Гервазий. Так что вещи, оформленные природой, являются материей искусства, и одна лишь бесформенная вещь является материей природы?

Теофил. Именно так.

Гервазий. Возможно ли нам с той же ясностью, с какой мы видим и познаем предметы искусства, равным образом познать предметы природы?

Теофил. Достаточно хорошо, но при помощи других принципов познания, ибо подобно тому как не одним и тем же чувством мы познаем цвета и звуки, точно так же не одним и тем же глазом мы видим предмет искусств и предмет природы.

Гервазий. Вы хотите сказать, что первый мы видим чувственными глазами, а второй – глазом разума.





Теофил. Хорошо.

Гервазий. Разъясните же, пожалуйста, этот разум.

Теофил. Охотно. То же самое отношение и соотношение, какое имеет форма искусства к своей материи, имеет в должной пропорции и форма природы к своей материи. Итак, подобно тому как в искусстве, при бесконечном изменении (если бы это было возможно) форм, под ними всегда сохраняется одна и та же материя, – как, например, форма дерева – это форма ствола, затем – бревна, затем – доски, затем – сиденья, затем – скамеечки, затем – рамки, затем – гребенки и т. д., но дерево всегда остается тем же самым, – так же и в природе, при бесконечном изменении и следовании друг за другом различных форм, всегда имеется одна и та же материя.

Гервазий. Как можно подкрепить это уподобление?

Теофил.
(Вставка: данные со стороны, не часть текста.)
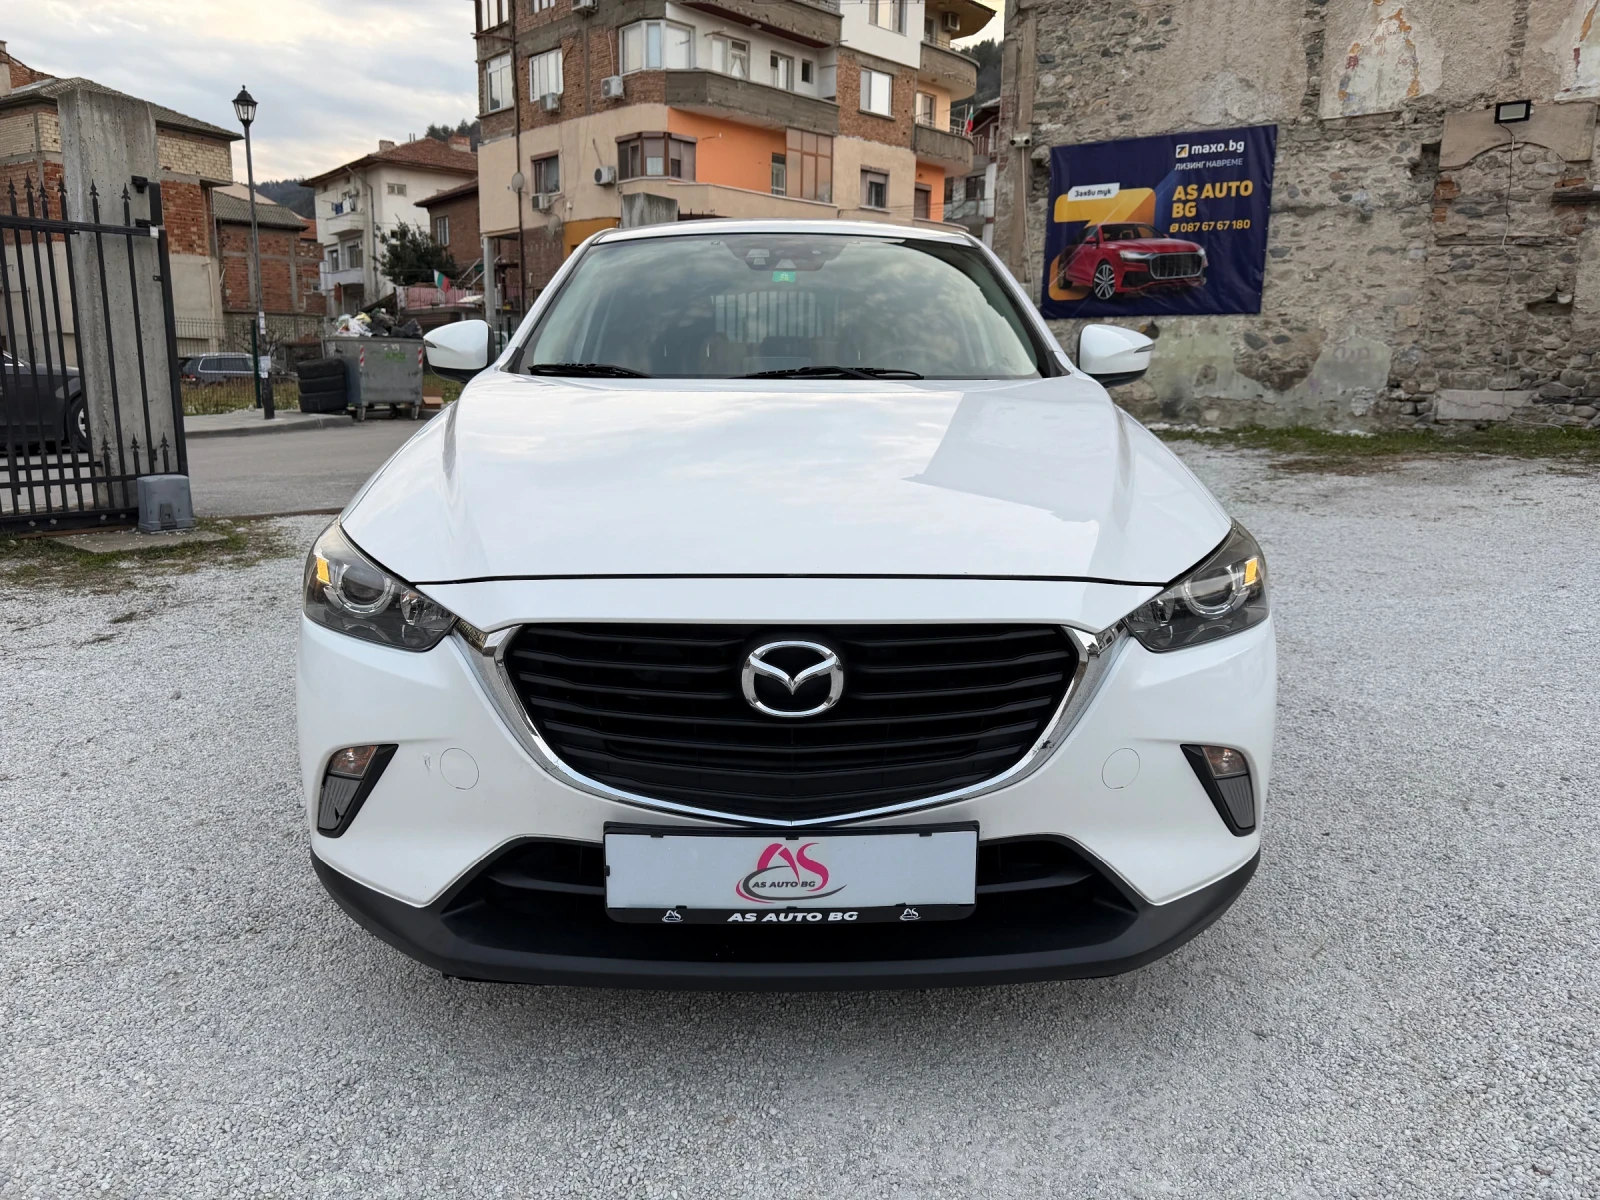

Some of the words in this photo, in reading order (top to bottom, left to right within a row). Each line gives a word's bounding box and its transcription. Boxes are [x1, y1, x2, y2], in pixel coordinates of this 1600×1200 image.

[1191, 140, 1245, 154] maxo.bg
[1175, 161, 1206, 171] ЛИЗИНГ
[1206, 158, 1244, 168] НАВРЕМЕ
[1172, 184, 1198, 200] AS
[1200, 180, 1253, 199] AUTO
[1172, 202, 1197, 218] BG
[1180, 222, 1200, 232] 087
[1202, 221, 1215, 231] 67
[1217, 220, 1230, 230] 67
[1232, 219, 1251, 229] 180
[757, 843, 829, 891] AS
[727, 912, 757, 922] AS
[761, 912, 823, 922] AUTO
[828, 911, 858, 921] BG
Разве вы не видите, что то, что было семенем, становится стеблем, из того, что было стеблем, возникает колос, из того, что было колосом, возникает хлеб, из хлеба – желудочный сок, из него – кровь, из нее – семя, из него – зародыш, из него – человек, из него – труп, из него – земля, из нее – камень или другая вещь, и так можно прийти ко всем природным формам.
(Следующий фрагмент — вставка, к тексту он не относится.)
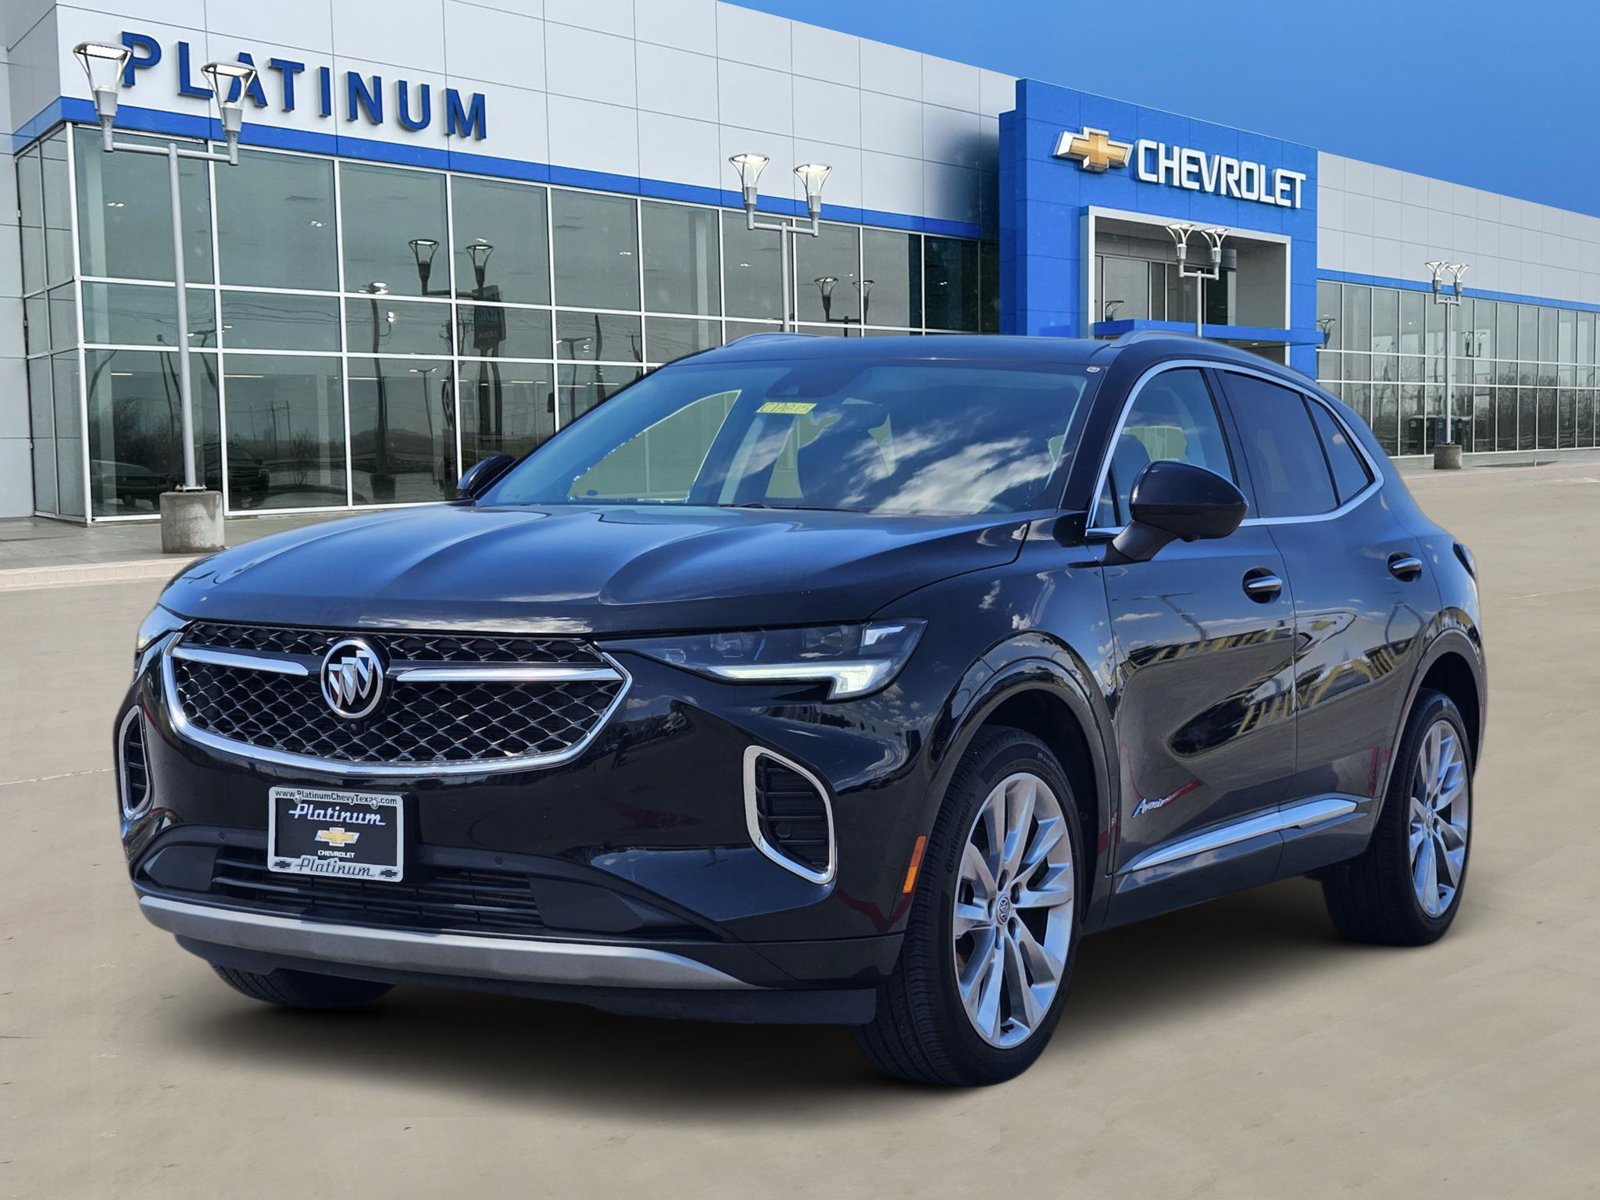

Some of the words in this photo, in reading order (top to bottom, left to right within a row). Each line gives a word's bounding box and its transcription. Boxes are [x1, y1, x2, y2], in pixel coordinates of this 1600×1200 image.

[121, 31, 487, 140] PLATINUM
[1136, 138, 1307, 209] CHEVROLET
[288, 803, 387, 826] Platinum
[317, 849, 356, 859] CHEVROLET
[295, 857, 376, 877] Platinum
Гервазий. Я легко это вижу.

Теофил. Итак, с необходимостью существует одна и та же вещь, которая сама по себе не есть ни камень, ни земля, ни труп, ни человек, ни зародыш, ни кровь и другое, но которая, после того как была кровью, становится зародышем, получая бытие зародыша; после того как была зародышем, получает бытие человека, становясь человеком; как вещь, оформленная природой и ставшая предметом искусства, после того как была деревом, есть доска и получает бытие доски; после того, как была доской, получает бытие двери и есть дверь.

Гервазий. Итак, я это понял очень хорошо. Но мне кажется, что этот предмет природы не может быть телом или обладать известным качеством, ибо то, что изменяется под какой-либо природной формой и бытием или под какой-либо другой формой и бытием, не проявляется телесно, как дерево или камень, которые всегда позволяют видеть, каковы они материально, или предметно проступают ясно под любой формой.

Теофил. Вы хорошо говорите.

Гервазий. Что же мне нужно будет делать, когда мне придется излагать эту мысль перед каким-либо упрямцем, который не захочет поверить, что имеется, таким образом, одна-единственная материя под всеми формообразованиями природы, как есть одна под всеми формообразованиями каждого искусства? Ибо ту, которая видима глазами, нельзя отрицать, ту же, которая видима одним лишь разумом, отрицать можно.